* WORK REQUIRED *
Please return each entry that follows exactly as given, but without pictures.

* DATA *
--

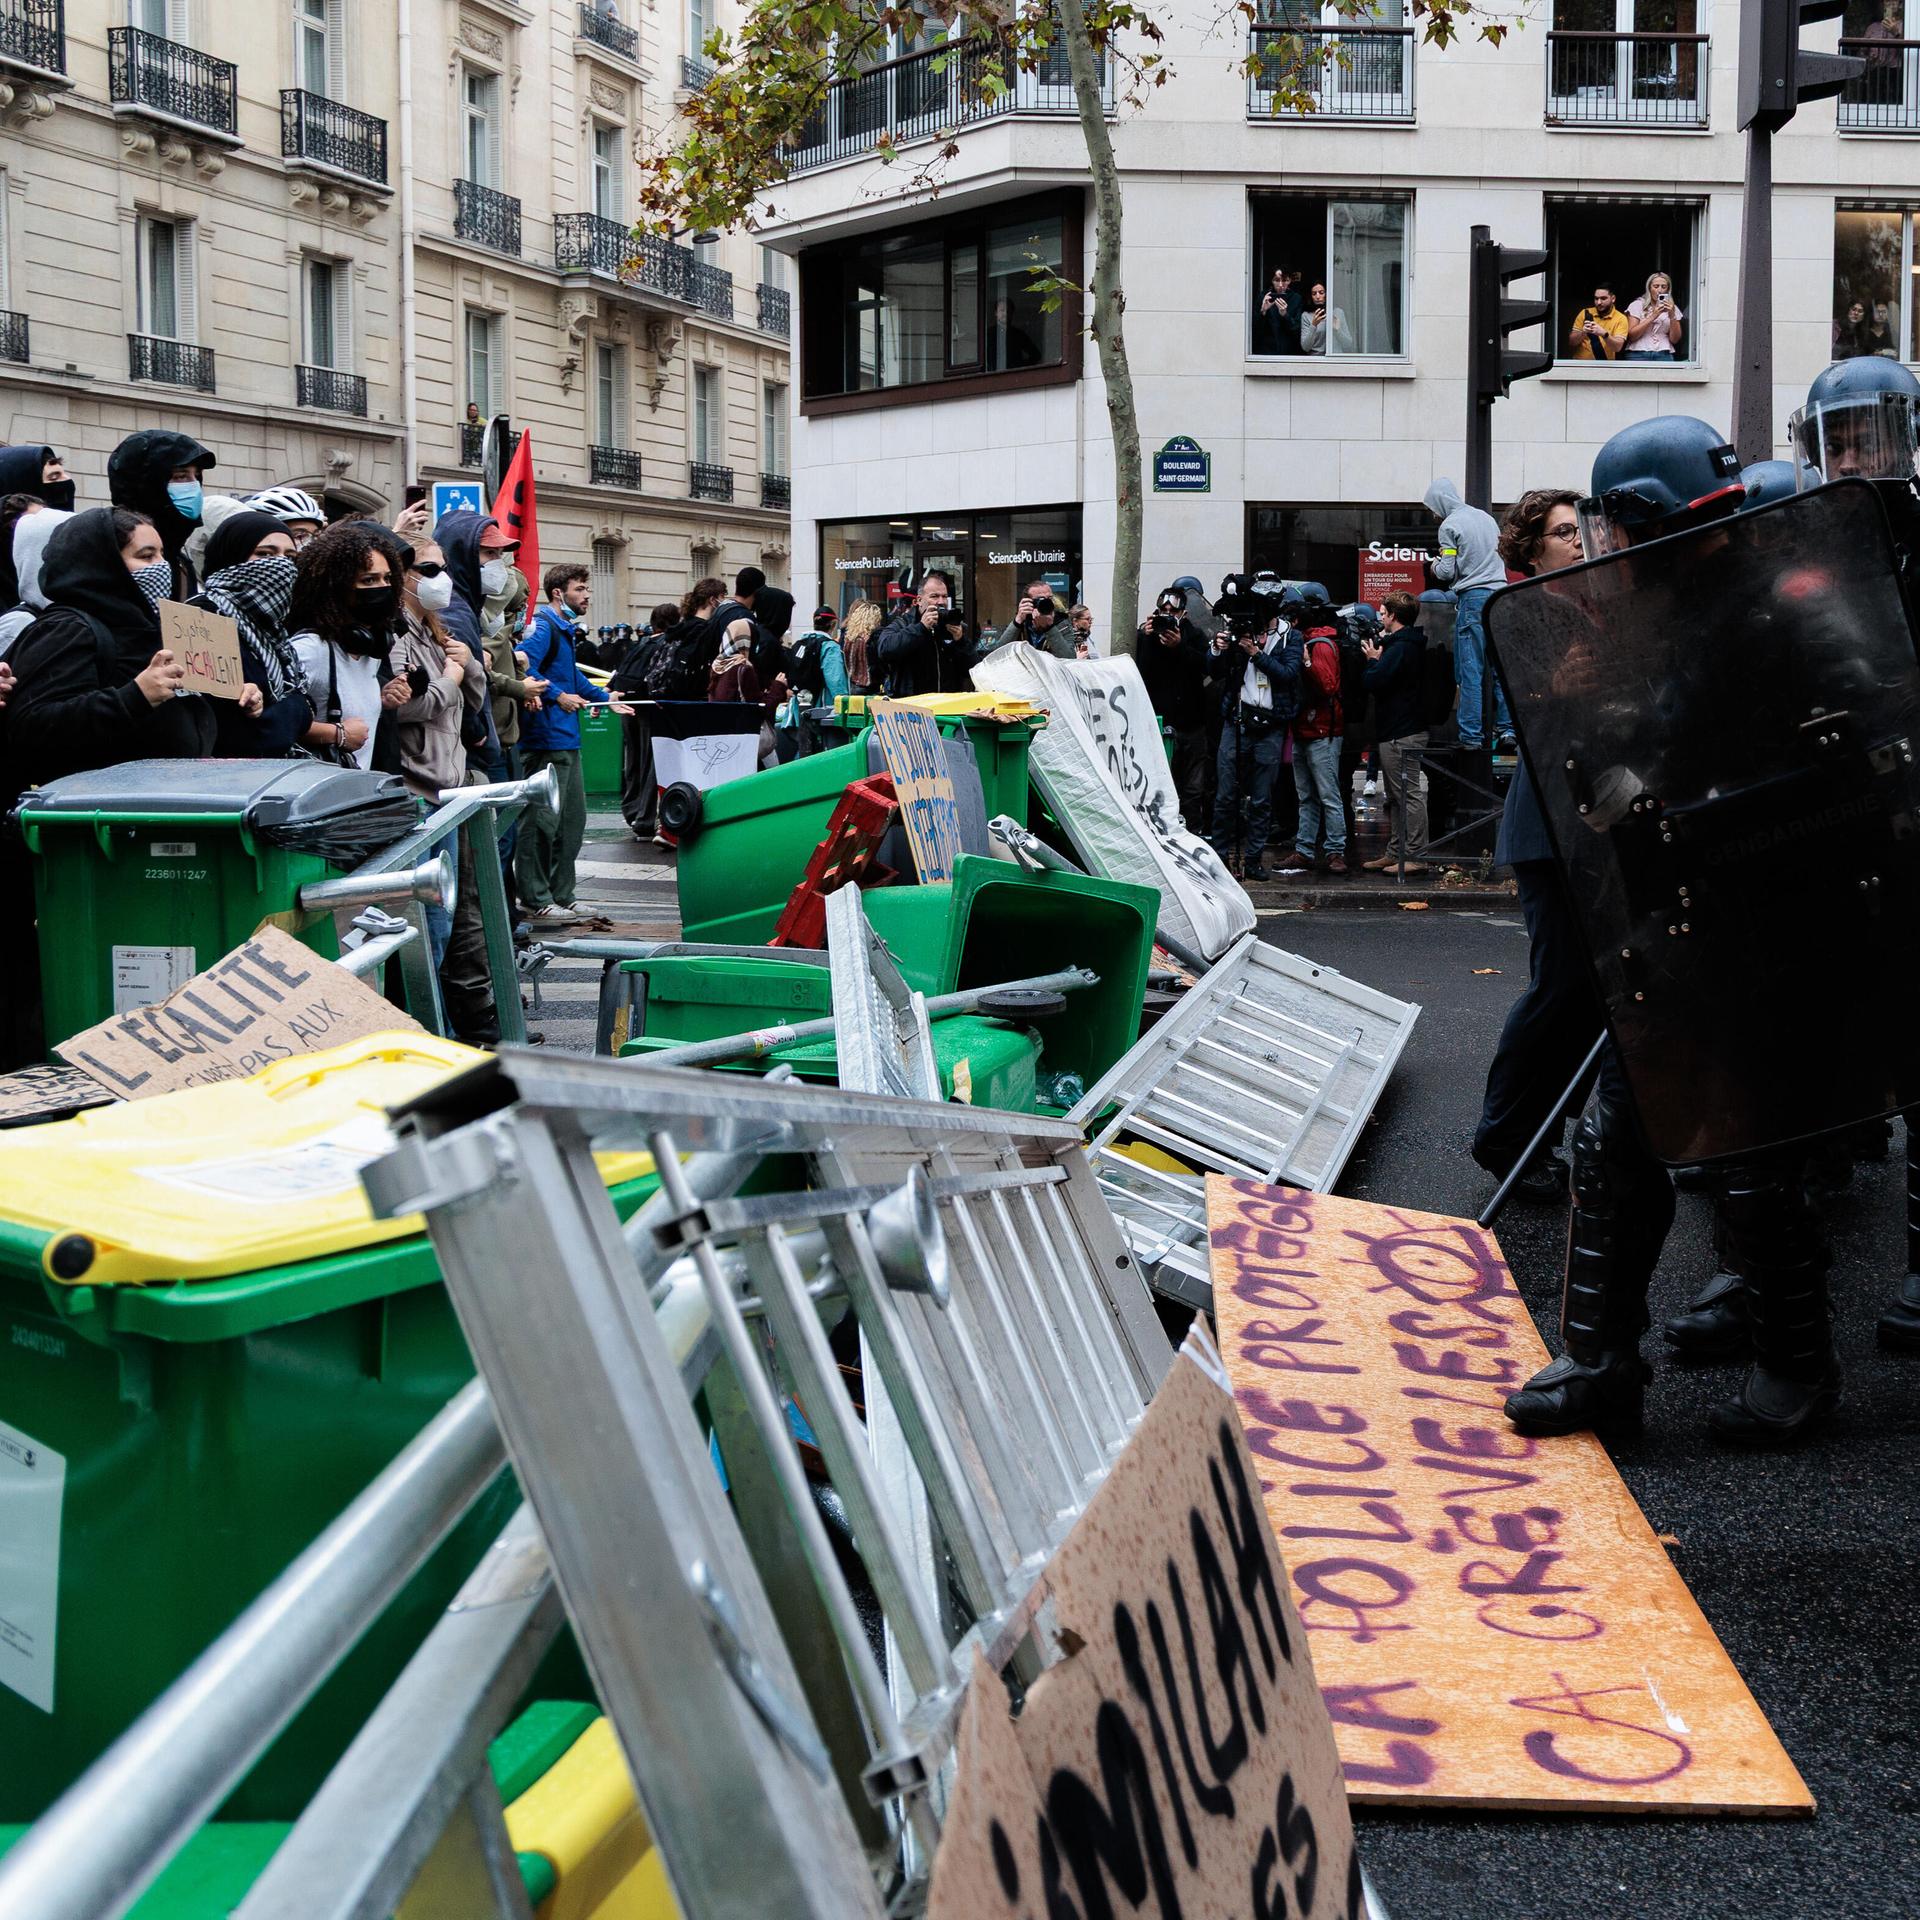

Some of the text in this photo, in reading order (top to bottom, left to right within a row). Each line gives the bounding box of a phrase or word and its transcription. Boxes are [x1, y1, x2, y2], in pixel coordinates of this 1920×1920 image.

[1163, 462, 1201, 470] BOULEVARD
[1158, 474, 1206, 482] SAINT-GERMAIN
[835, 556, 900, 570] SciencesPo Librairie
[988, 549, 1066, 565] SciencesPo Librairie
[1704, 793, 1882, 866] GENDARMERIE
[145, 868, 208, 880] 2236011247
[240, 1035, 294, 1077] PAS
[288, 997, 345, 1049] AUX
[1322, 1681, 1443, 1787] LA
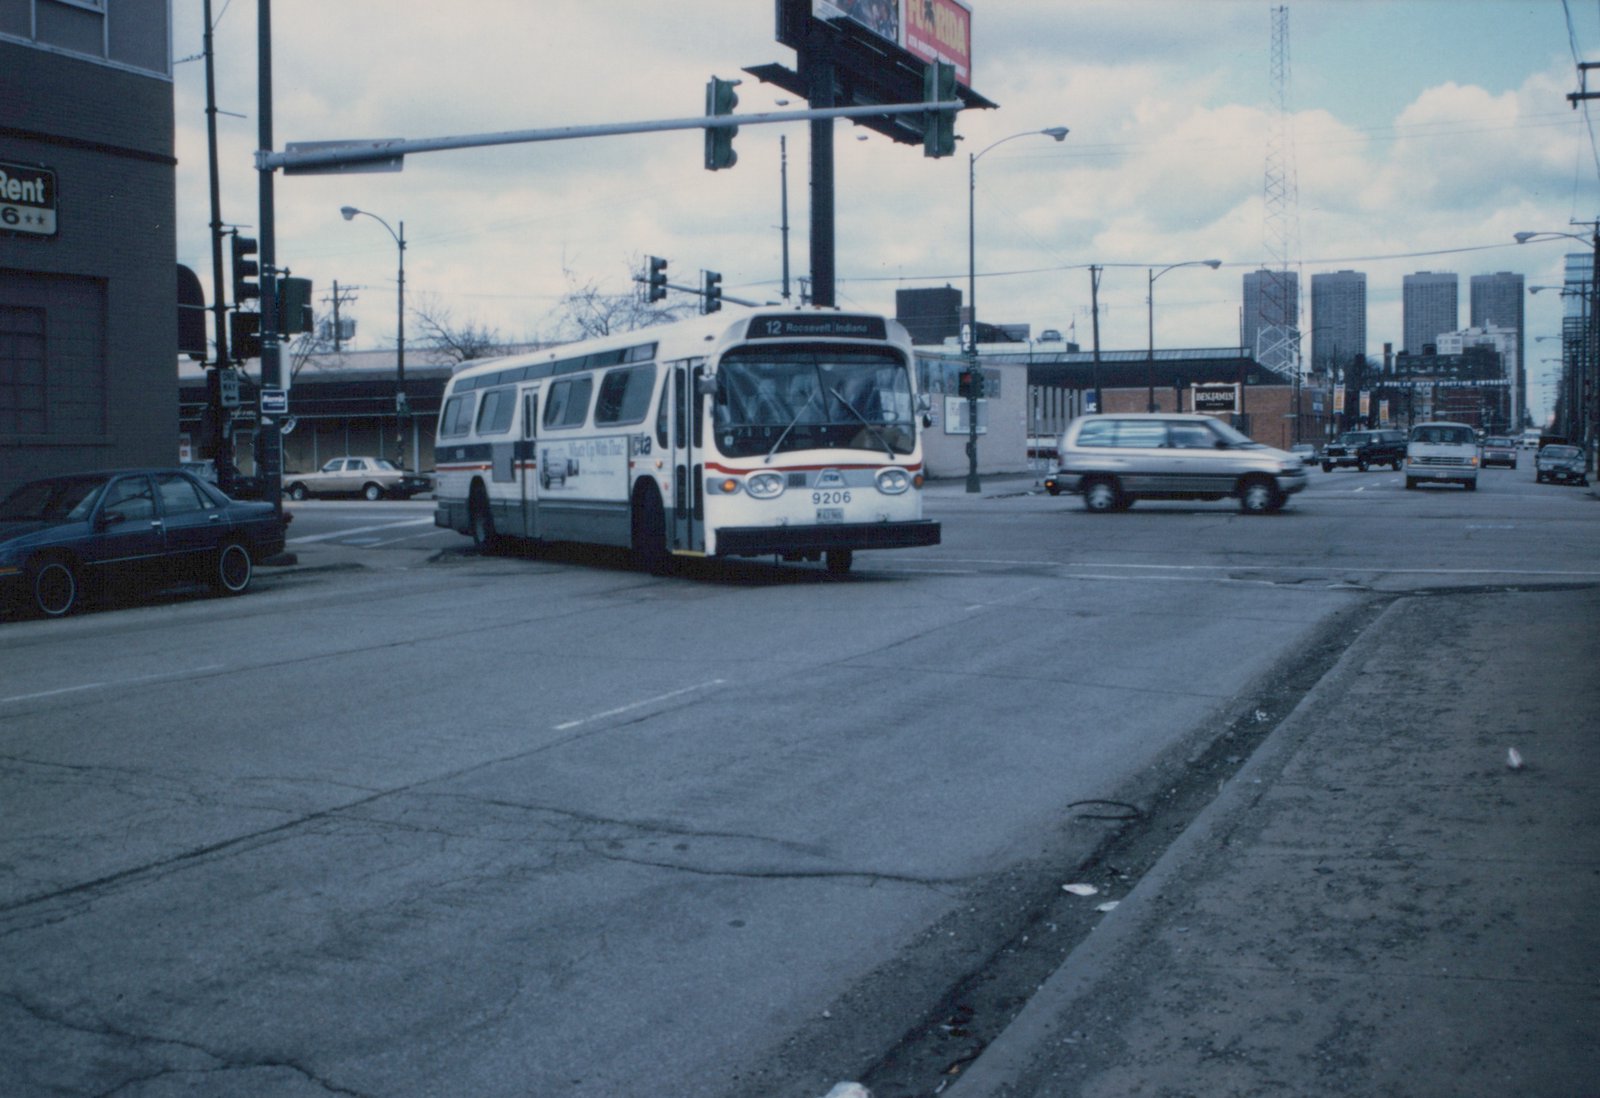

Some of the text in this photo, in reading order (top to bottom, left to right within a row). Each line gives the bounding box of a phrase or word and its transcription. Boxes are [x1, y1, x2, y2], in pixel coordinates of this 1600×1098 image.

[766, 320, 782, 335] 12
[1196, 392, 1234, 402] BENJAMIN
[631, 434, 652, 456] cta
[812, 491, 852, 505] 9206

--

* SOLUTION *
Some of the text in this photo, in reading order (top to bottom, left to right within a row). Each line gives the bounding box of a phrase or word and its transcription. Boxes are [x1, y1, x2, y2], in pixel coordinates of this 1920×1920 image.

[1163, 462, 1201, 470] BOULEVARD
[1158, 474, 1206, 482] SAINT-GERMAIN
[835, 556, 900, 570] SciencesPo Librairie
[988, 549, 1066, 565] SciencesPo Librairie
[1704, 793, 1882, 866] GENDARMERIE
[145, 868, 208, 880] 2236011247
[240, 1035, 294, 1077] PAS
[288, 997, 345, 1049] AUX
[1322, 1681, 1443, 1787] LA

Some of the text in this photo, in reading order (top to bottom, left to right within a row). Each line gives the bounding box of a phrase or word and its transcription. Boxes are [x1, y1, x2, y2], in pixel coordinates of this 1600×1098 image.

[766, 320, 782, 335] 12
[1196, 392, 1234, 402] BENJAMIN
[631, 434, 652, 456] cta
[812, 491, 852, 505] 9206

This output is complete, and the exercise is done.